Please restate the records below word for word, leaving out every picture.
━━━━━━━━━━━━━━━━━━━━━━━━━━━━━━
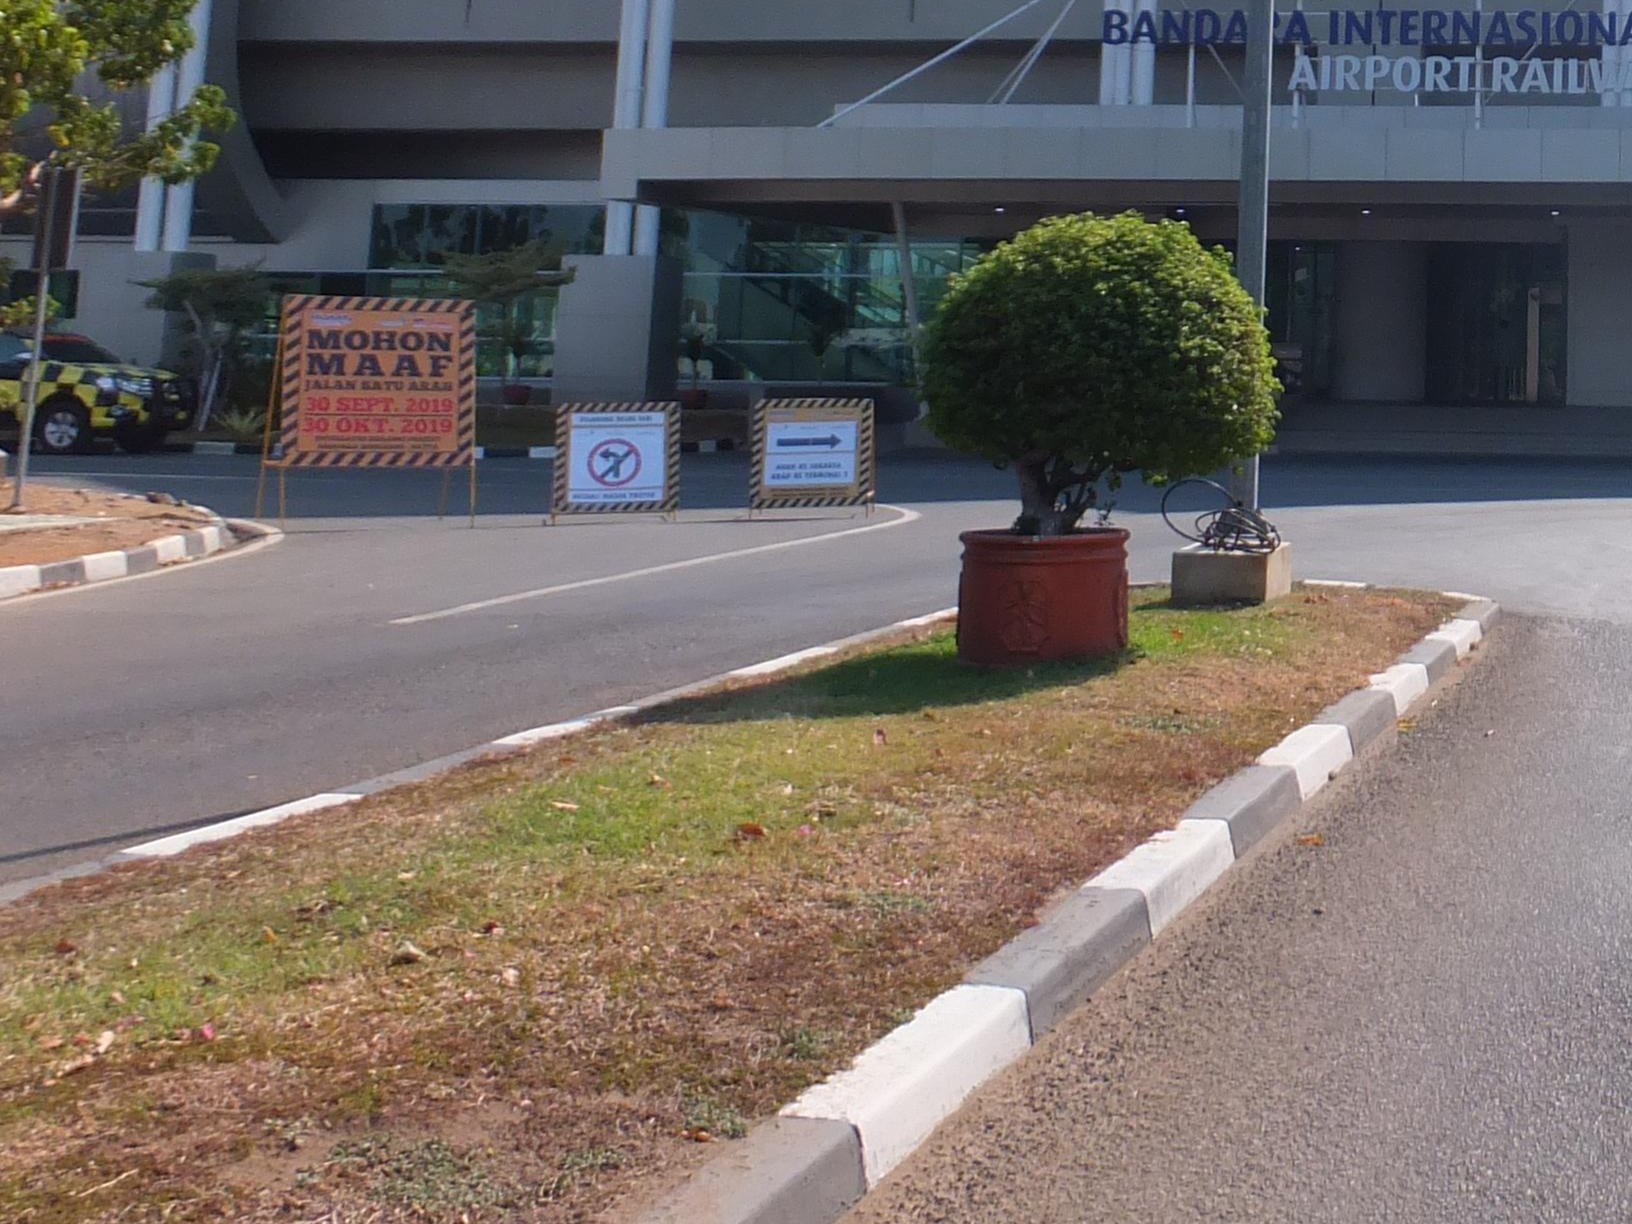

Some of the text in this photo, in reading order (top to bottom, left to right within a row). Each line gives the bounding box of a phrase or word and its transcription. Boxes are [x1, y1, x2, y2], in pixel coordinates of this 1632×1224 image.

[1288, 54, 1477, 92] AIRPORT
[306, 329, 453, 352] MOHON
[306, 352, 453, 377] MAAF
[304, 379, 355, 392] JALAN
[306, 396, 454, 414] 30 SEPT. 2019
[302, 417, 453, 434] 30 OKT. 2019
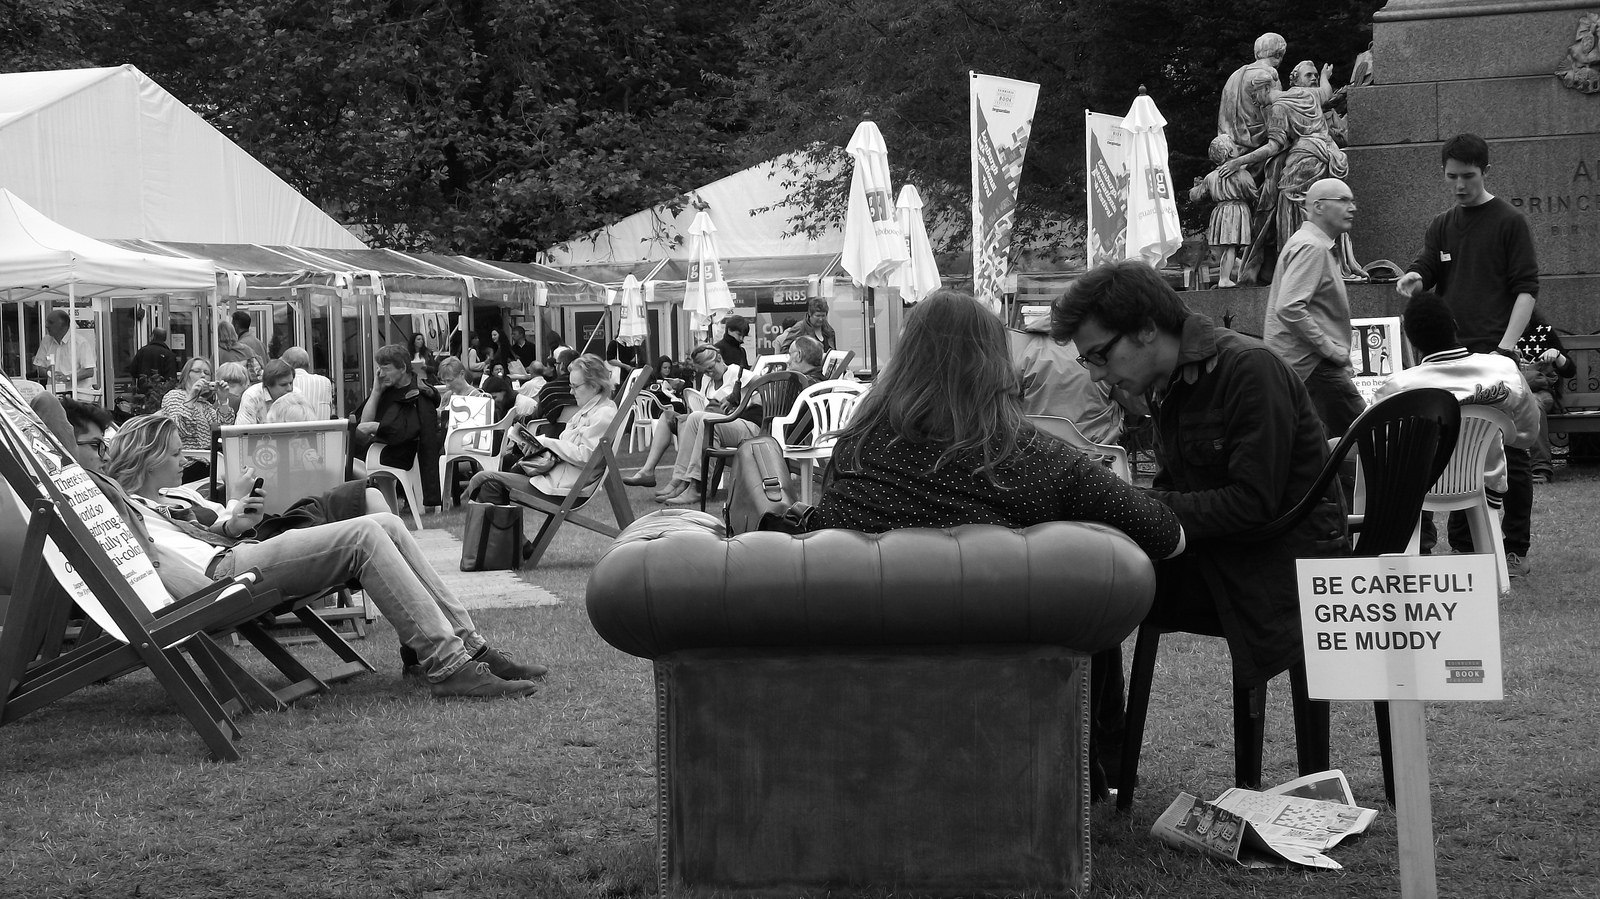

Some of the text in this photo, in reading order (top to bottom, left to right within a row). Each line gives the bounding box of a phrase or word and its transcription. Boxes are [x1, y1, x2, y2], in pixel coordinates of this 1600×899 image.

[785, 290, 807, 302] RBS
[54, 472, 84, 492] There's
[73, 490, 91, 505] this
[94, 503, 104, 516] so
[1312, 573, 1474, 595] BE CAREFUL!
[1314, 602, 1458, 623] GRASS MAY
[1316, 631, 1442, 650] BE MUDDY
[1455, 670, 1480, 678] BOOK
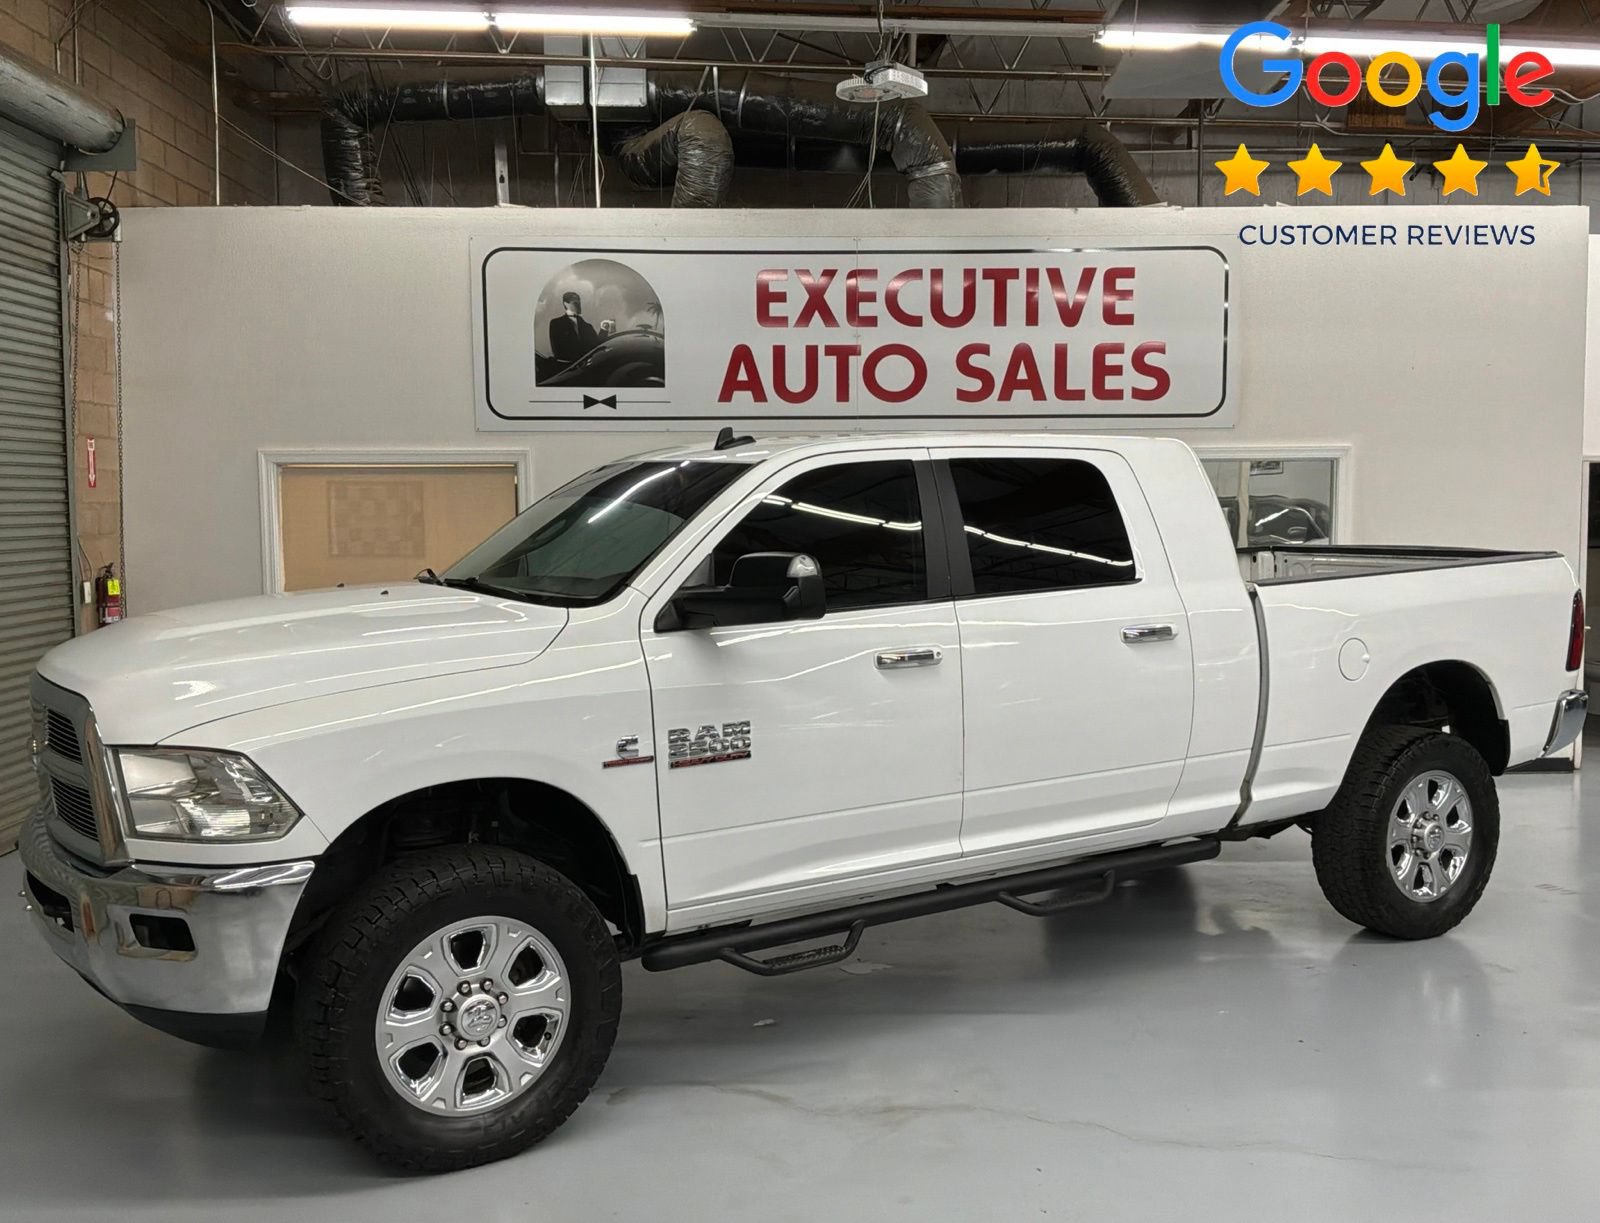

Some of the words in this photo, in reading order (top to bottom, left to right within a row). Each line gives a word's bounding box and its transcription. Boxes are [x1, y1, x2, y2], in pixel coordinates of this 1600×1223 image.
━━━━━━━━━━━━━━━━━━━━━━━━━━━━━━
**Answer space**
Some of the text in this photo, in reading order (top to bottom, left to right within a row). Each line gives the bounding box of a phrase or word and its transcription. Boxes are [x1, y1, x2, y2], in pixel coordinates of this 1632×1224 image.

[1288, 54, 1477, 92] AIRPORT
[306, 329, 453, 352] MOHON
[306, 352, 453, 377] MAAF
[304, 379, 355, 392] JALAN
[306, 396, 454, 414] 30 SEPT. 2019
[302, 417, 453, 434] 30 OKT. 2019

Some of the text in this photo, in reading order (top to bottom, left to right within a row). Each line gives the bounding box of a phrase or word and its transcription. Boxes are [x1, y1, x2, y2], in pixel coordinates of this 1600×899 image.

[785, 290, 807, 302] RBS
[54, 472, 84, 492] There's
[73, 490, 91, 505] this
[94, 503, 104, 516] so
[1312, 573, 1474, 595] BE CAREFUL!
[1314, 602, 1458, 623] GRASS MAY
[1316, 631, 1442, 650] BE MUDDY
[1455, 670, 1480, 678] BOOK

Some of the words in this photo, in reading order (top to bottom, left to right within a row). Each line gives a word's bounding box and its transcription. Boxes are [x1, y1, x2, y2], in pixel coordinates of this 1600×1223 image.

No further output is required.